Nouveau : aide à la complémentaire santé

A partir du 1er juillet 2015, les bénéficiaires de l’aide à l’acquisition d’une complémentaire santé (ACS) n’avanceront plus les honoraires médicaux lorsqu’ils se rendront chez leur médecin. En effet, ils auront accès au tiers payant intégral, comme c’est déjà le cas pour les bénéficiaires de la couverture maladie universelle complémentaire (CMU-C), prévoit l’article 29 du projet de loi de financement de la Sécurité sociale (PLFSS) pour 2015. Adopté le mardi 28 octobre à l’Assemblée nationale, ce texte devrait être débattu en séance publique au Sénat à partir du 10 novembre.

Plus d’interlocuteur unique
“Les bénéficiaires de l’ACS, dont les revenus s’établissent au maximum au niveau du seuil de pauvreté, sont, pour cette raison, particulièrement susceptibles de renoncer aux soins”, indique l’exposé des motifs de l’article 29. L’enjeu est donc d’améliorer l’accès aux soins de ces personnes, de manière concomitante avec l’entrée en vigueur des nouveaux contrats ACS, avant la généralisation du tiers payant à tous les assurés d’ici 2017.
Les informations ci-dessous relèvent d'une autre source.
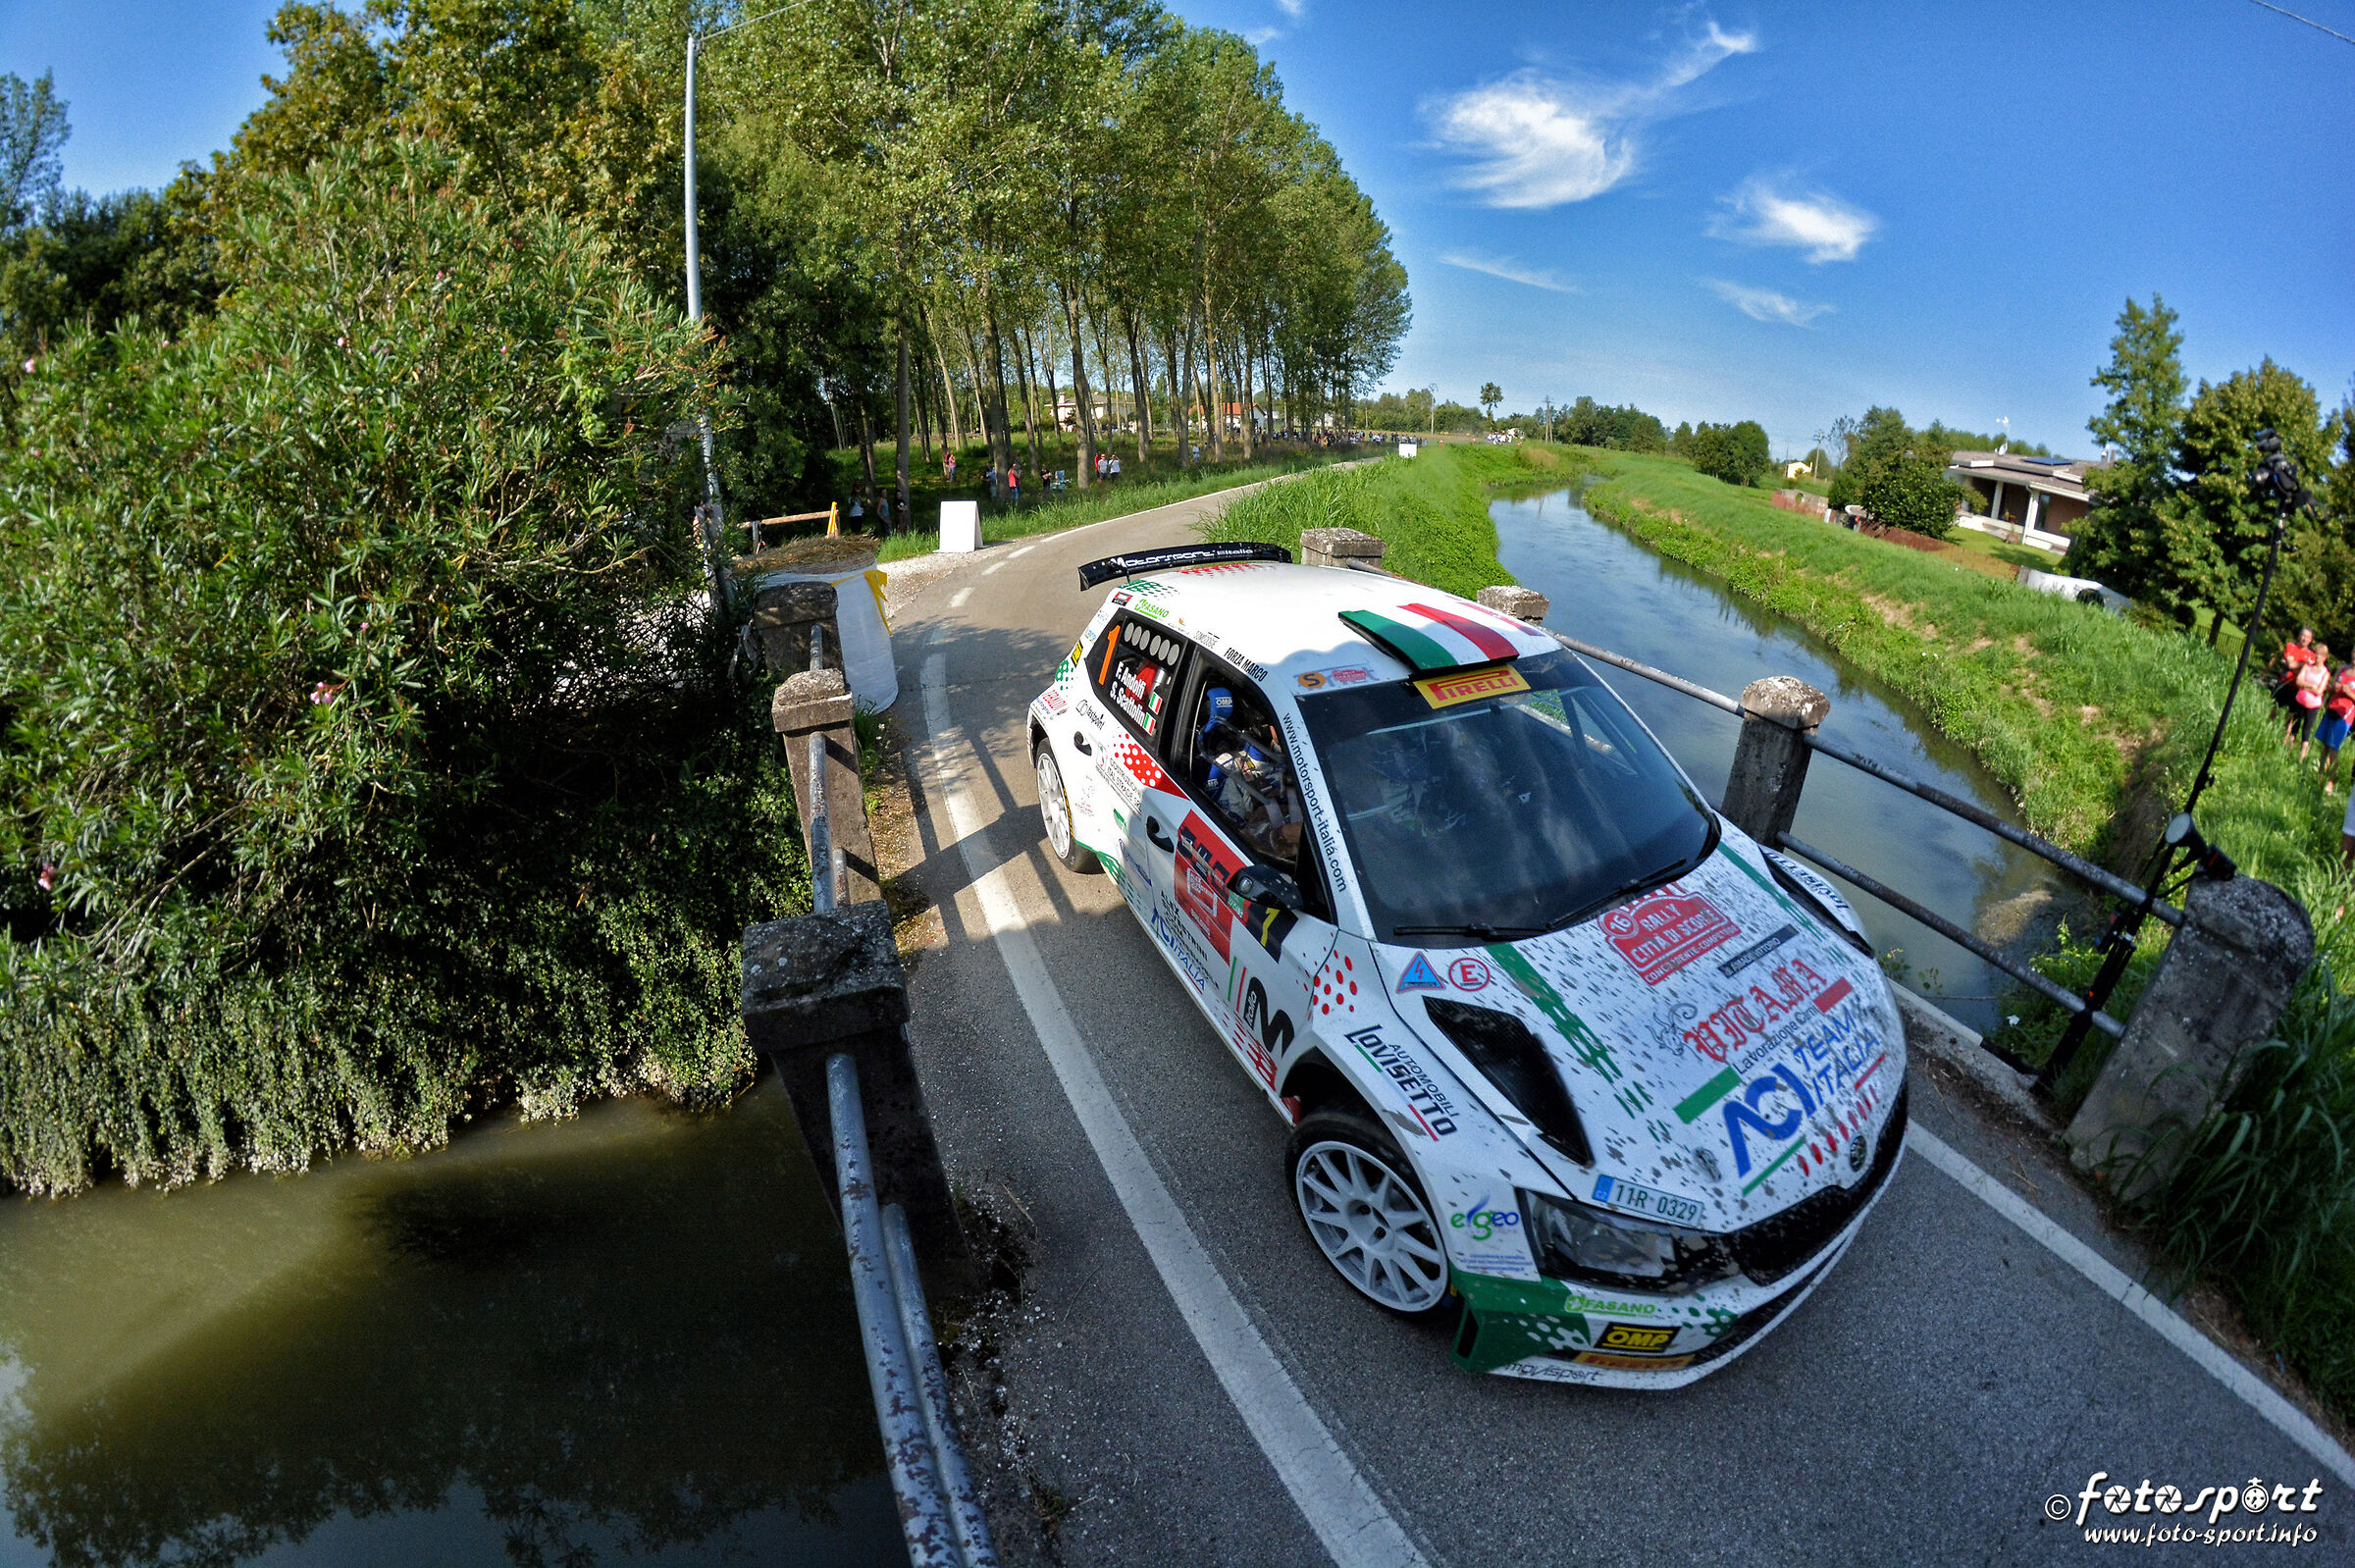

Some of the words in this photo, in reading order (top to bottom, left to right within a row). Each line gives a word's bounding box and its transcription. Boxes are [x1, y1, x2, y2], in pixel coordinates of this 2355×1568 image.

[1108, 549, 1215, 567] Motorsport
[1142, 601, 1170, 618] FASANO
[1099, 624, 1122, 686] 1
[1224, 648, 1245, 667] FORZA
[1241, 658, 1269, 682] MARCO
[1116, 661, 1124, 679] F.
[1120, 666, 1147, 700] Andolfi
[1428, 669, 1519, 702] PIRELLI
[1110, 681, 1119, 701] S.
[1116, 687, 1147, 727] Scattolin
[1282, 712, 1347, 893] www.motorsport-italia.com
[1260, 907, 1281, 947] 1
[1609, 915, 1632, 933] 16
[1640, 903, 1682, 933] RALLY
[1664, 927, 1684, 944] DI
[1174, 945, 1206, 991] ITALIA
[1460, 964, 1479, 983] E
[1733, 1020, 1804, 1075] Lavorazione
[1794, 1004, 1858, 1072] TEAM
[1343, 1023, 1458, 1136] LOVISETTO
[1388, 1043, 1460, 1118] AUTOMOBILI
[1811, 1027, 1880, 1106] ITALIA
[1616, 1183, 1648, 1210] 11R
[1656, 1196, 1698, 1222] 0329
[1585, 1298, 1656, 1315] FASANO
[1606, 1330, 1670, 1347] OMP
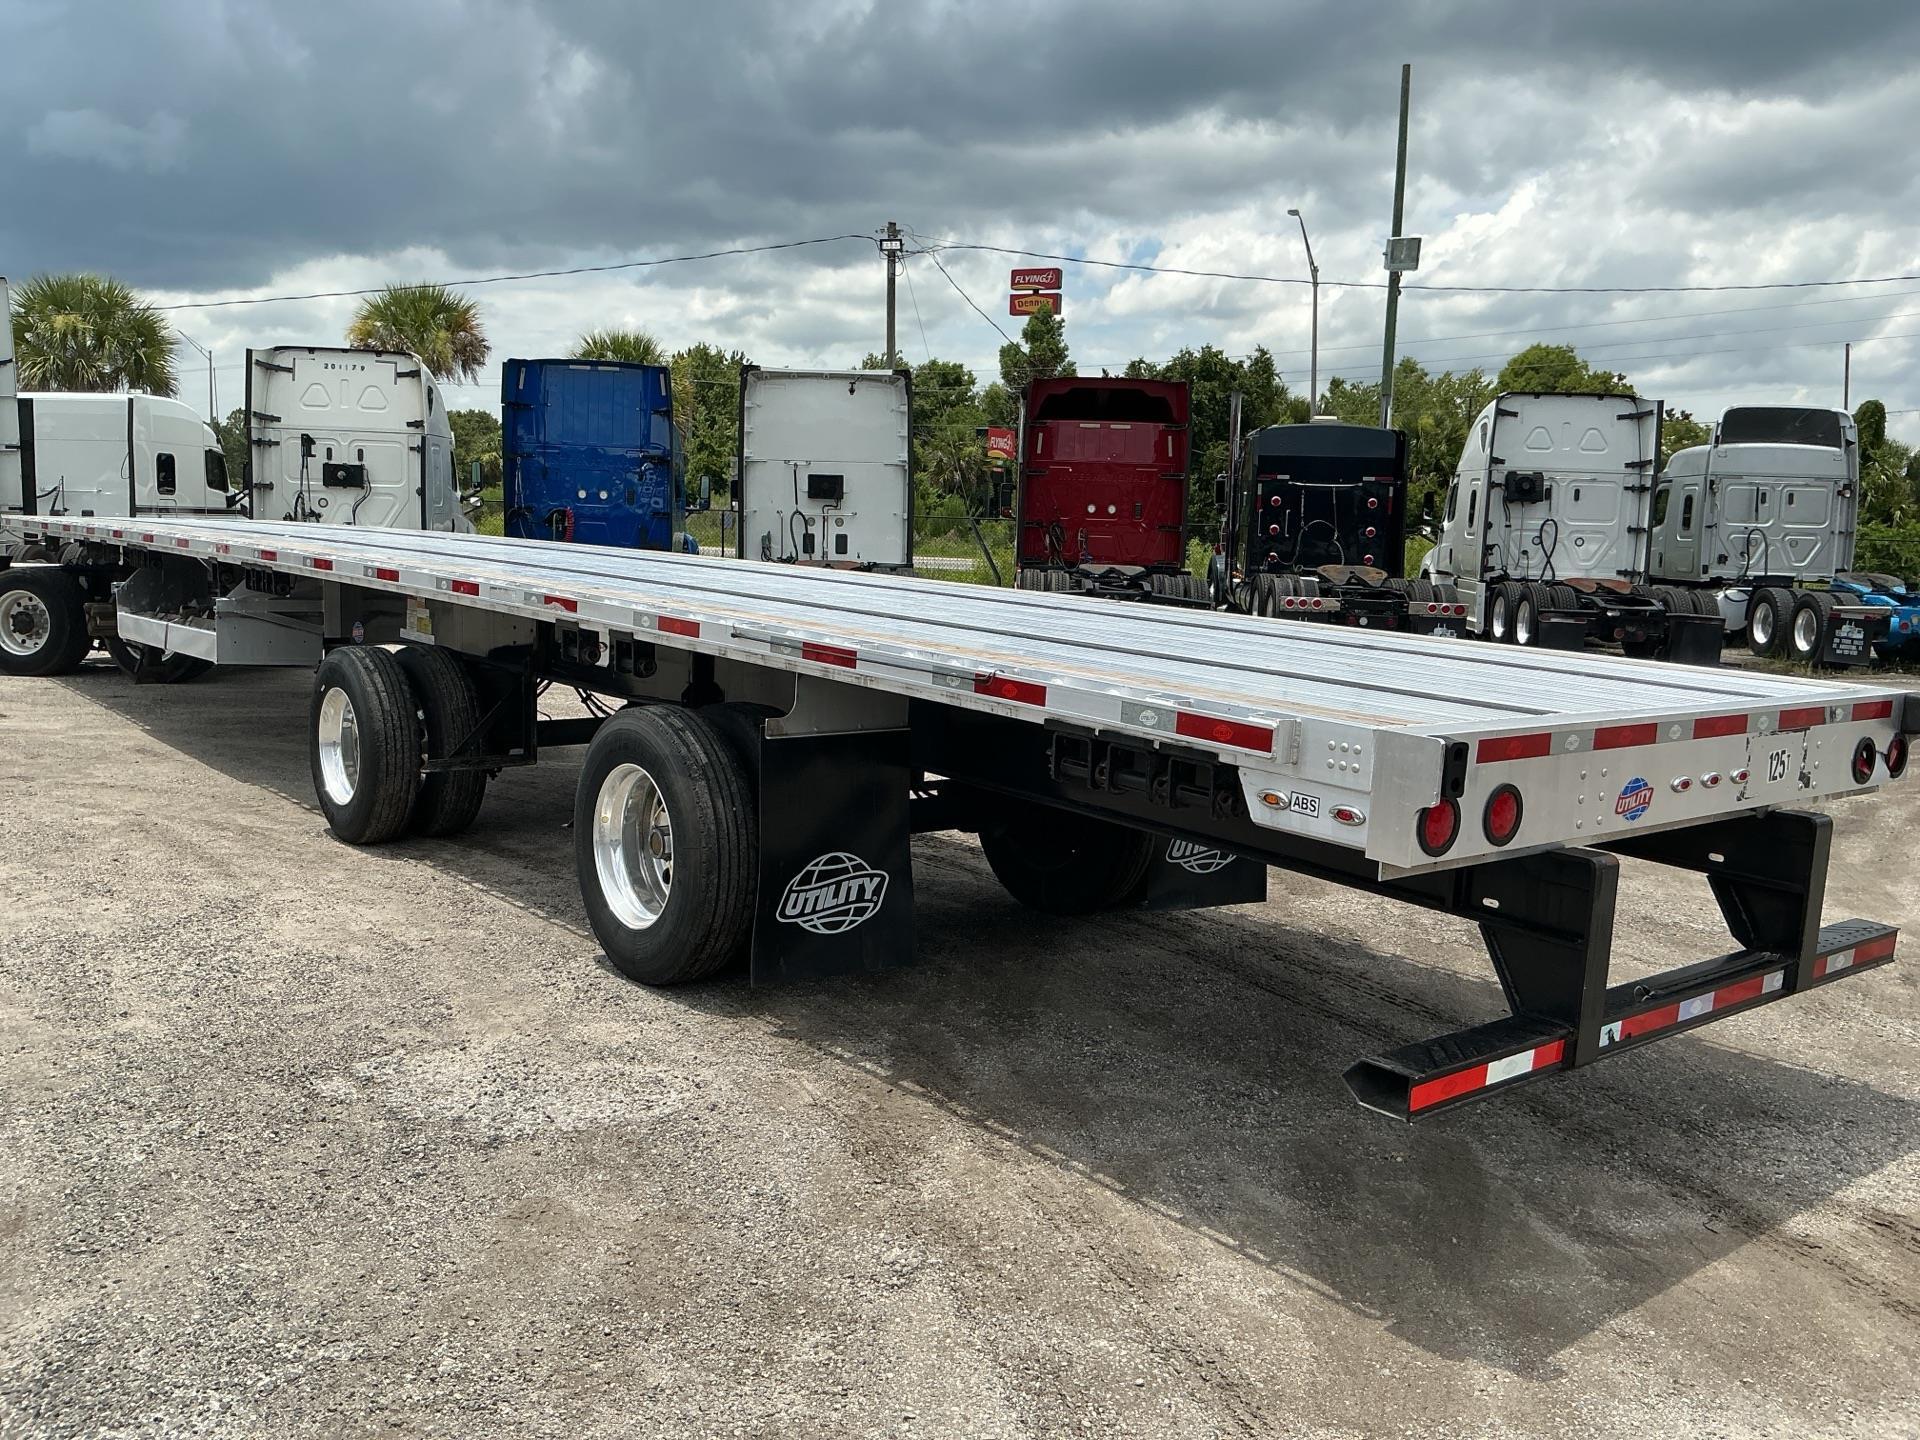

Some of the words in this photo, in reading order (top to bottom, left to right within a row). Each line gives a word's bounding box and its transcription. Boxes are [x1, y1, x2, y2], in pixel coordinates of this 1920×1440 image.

[1015, 274, 1046, 283] FLYING
[1292, 795, 1317, 812] ABS
[1616, 789, 1652, 813] UTILITY
[785, 877, 881, 916] UTILITY
Pour mettre en œuvre ce dispositif, les professionnels de santé et les établissements de santé auront “le choix de la modalité technique de pratique du tiers payant”, précise un amendement du groupe RRDP (radical, républicain, démocrate et progressiste) adopté par les députés. Celui-ci supprime ainsi la notion d’”interlocuteur unique” qui ne laissait aucune place aux organismes complémentaires, comme le déplorait la Mutualité Française. Les complémentaires se sont engagées de longue date dans la pratique du tiers payant à l’hôpital, en pharmacie, dans les laboratoires d’analyse ou de radiologie. “La mise en place d’une solution reposant sur un interlocuteur unique n’est qu’une faculté offerte au professionnel et non une pratique obligatoire”, détaille l’amendement.

Exonération des franchises

Autre mesure favorisant l’accès aux soins : les bénéficiaires de l’ACS seront aussi exonérés des franchises et des participations forfaitaires suite à l’adoption d’un amendement du gouvernement. Le coût de cette disposition est estimé à “38 millions d’euros” en année pleine, a précisé la ministre de la Santé, Marisol Touraine, lors des débats. “Le coût estimé pour l’année 2015 est d’un peu moins de 20 millions d’euros”, a-t-elle poursuivi.

“Il s’agit de la franchise de 50 centimes d’euros sur les boîtes de médicaments, de la franchise de 1 euro sur les consultations médicales, et de la franchise de 2 euros sur les transports médicaux”, a précisé Marisol Touraine.

Fusion de deux taxes

Parmi les autres dispositions du PLFSS 2015, à noter l’article 13 du projet de loi qui entend simplifier la fiscalité des contrats d’assurance maladie complémentaire. Objectif : fusionner la taxe de solidarité additionnelle (TSA) collectée au profit du Fonds de financement de la CMU (6,27% du montant des primes ou cotisations hors taxes) et la taxe spéciale sur les conventions d’assurance (TSCA) dont le taux est de 7% pour les contrats solidaires et responsables et de 14% pour les autres.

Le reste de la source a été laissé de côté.